Xeon Phi: Intel's Larrabee-Derived Card In TACC's Supercomputer
After eight years of development, Intel is finally ready to announce its Xeon Phi Coprocessor, which is derived from the company's work with Larrabee. Although the architecture came up short as a 3D graphics card, it shows more promise in the HPC space.
Intel Xeon Phi Architecture
Intel has a vast portfolio of technology its engineers have developed, and Xeon Phi unquestionably taps some of that. However, the Many Integrated Core architecture is notably more than a bunch of modified Pentium processors manufactured at 22 nm. Some of its notable attributes include:
- An in-order, dual-issue x86 design with 64-bit support
- Four threads per core, and up to 61 cores per coprocessor
- 512-bit SIMD for wider vectors
- 512 KB of L2 cache per core (up to 30.5 MB per Xeon Phi)
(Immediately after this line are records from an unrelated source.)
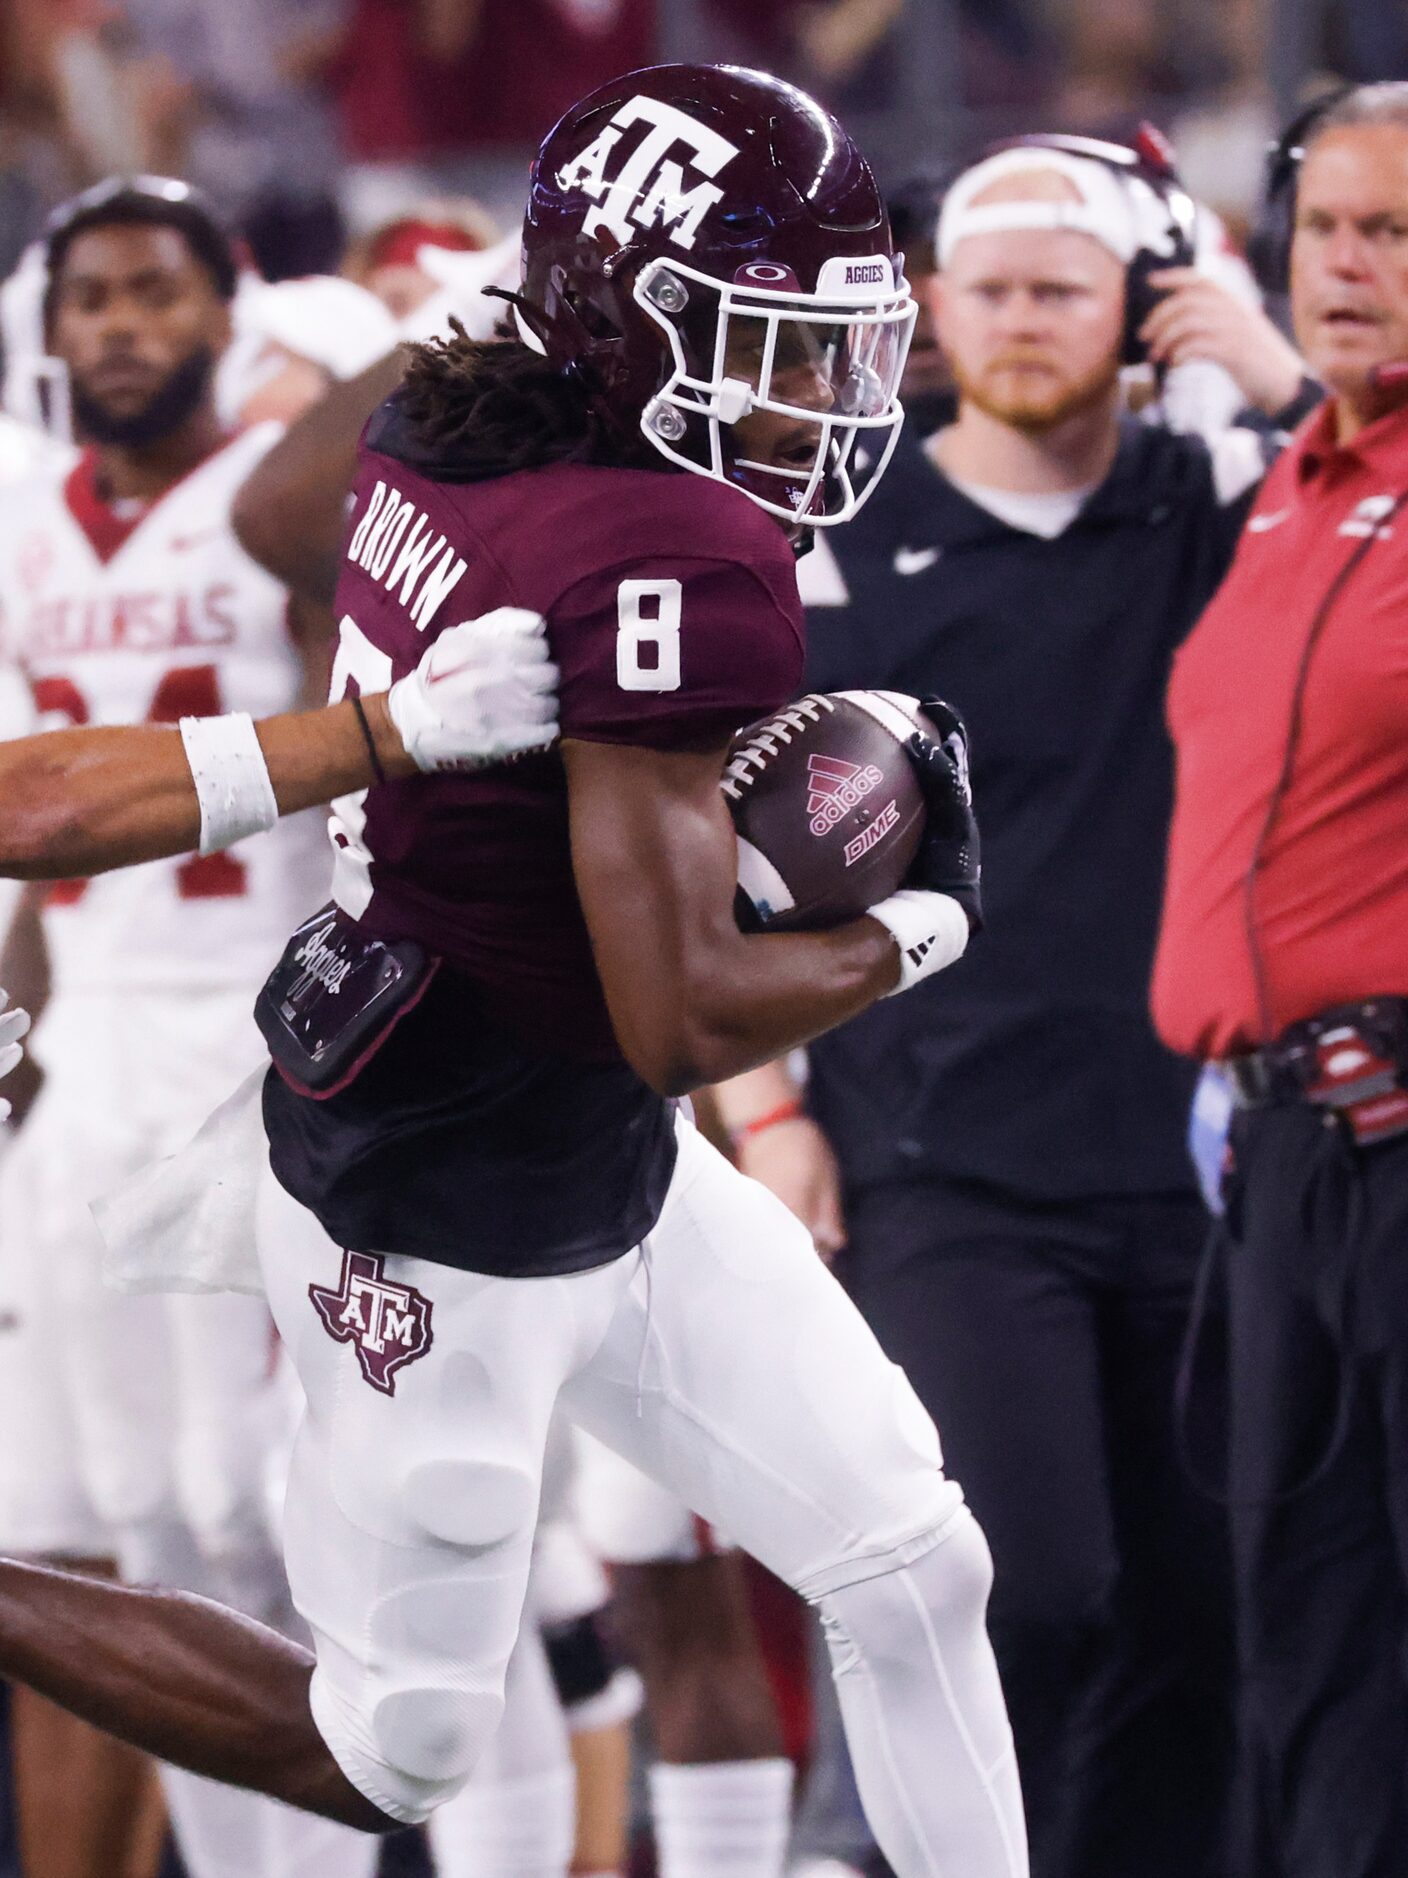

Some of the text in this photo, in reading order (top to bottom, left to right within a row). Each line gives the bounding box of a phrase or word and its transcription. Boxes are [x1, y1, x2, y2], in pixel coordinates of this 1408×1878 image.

[845, 264, 884, 285] AGGIES
[347, 479, 468, 632] BROWN
[616, 579, 683, 692] 8
[809, 764, 885, 837] adidas
[843, 799, 901, 868] DIME
- 22 nm tri-gate transistors
- Red Hat Enterprise Linux 6.x or SuSE Linux 12+ support
- 6 or 8 GB of GDDR5 per card
You'll notice that even the highest-end Xeon Phi wields far fewer cores than a typical GPU. However, you cannot compare an MIC core to a CUDA core, for example, on a 1:1 basis. Just one Phi core is quad-threaded with a 512-bit SIMD unit. A fair comparison requires getting past marketing's definition of a "core."
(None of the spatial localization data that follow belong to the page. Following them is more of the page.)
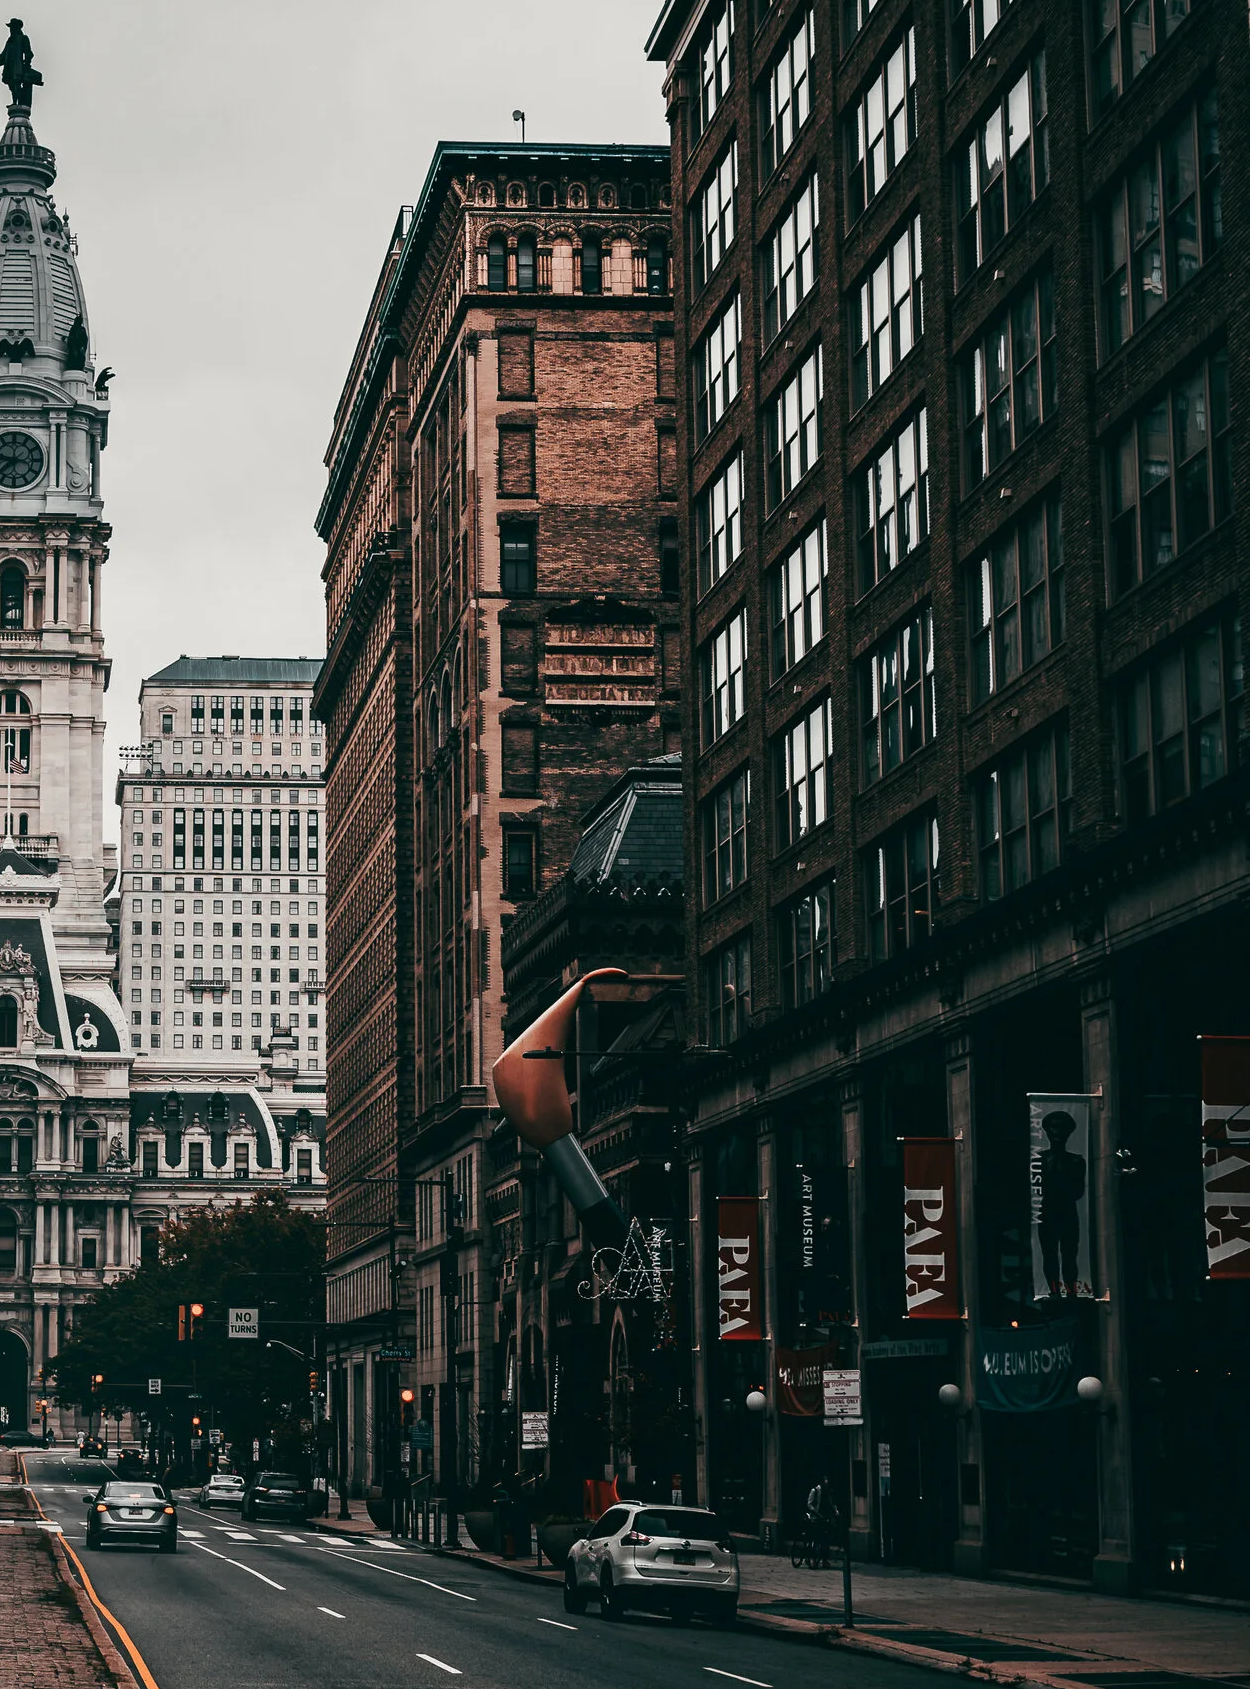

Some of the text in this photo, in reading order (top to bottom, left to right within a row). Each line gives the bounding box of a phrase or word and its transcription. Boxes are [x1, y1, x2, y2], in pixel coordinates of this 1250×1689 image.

[1030, 1105, 1043, 1225] ART MUSEUM
[802, 1174, 813, 1267] ART MUSEUM
[904, 1186, 945, 1311] PAFA
[652, 1252, 661, 1302] MUSEUM
[718, 1235, 750, 1337] PAFA
[230, 1325, 256, 1333] TURNS
[235, 1312, 251, 1322] NO
[1029, 1349, 1039, 1374] IS
It's also interesting that the card runs Linux. This probably isn't a solution you'd want to run a LAMP package on, but I would also guess that someone will try to do it anyway. You can SSH into the Xeon Phi card, though, to find out more about the hardware. We were advised that the following screenshot came from a pre-production board.
In the following diagram of a MIC architecture core, Intel claims that less than two percent of the core and cache die area is x86-specific logic. Although the Xeon E5-2680 CPUs also found in the Stampede supercomputer are made up of 2.27 billion transistors each, the lineage of x86 comes from the 20 000- to 30 000-transistor 8086 processor.
Of course, even today's desktop CPUs are incredibly complex, emphasizing the importance of getting data to and from where it needs to go as expediently as possible. Like the Sandy and Ivy Bridge-based CPUs, the prototype product code-named Knights Corner employs a ring bus interconnect to most effectively maximize throughput and available die area. By also giving each core lots of cache, the processor is able to avoid the performance hit it'd take if each core instead needed to be fed constantly from the GDDR memory controller stops.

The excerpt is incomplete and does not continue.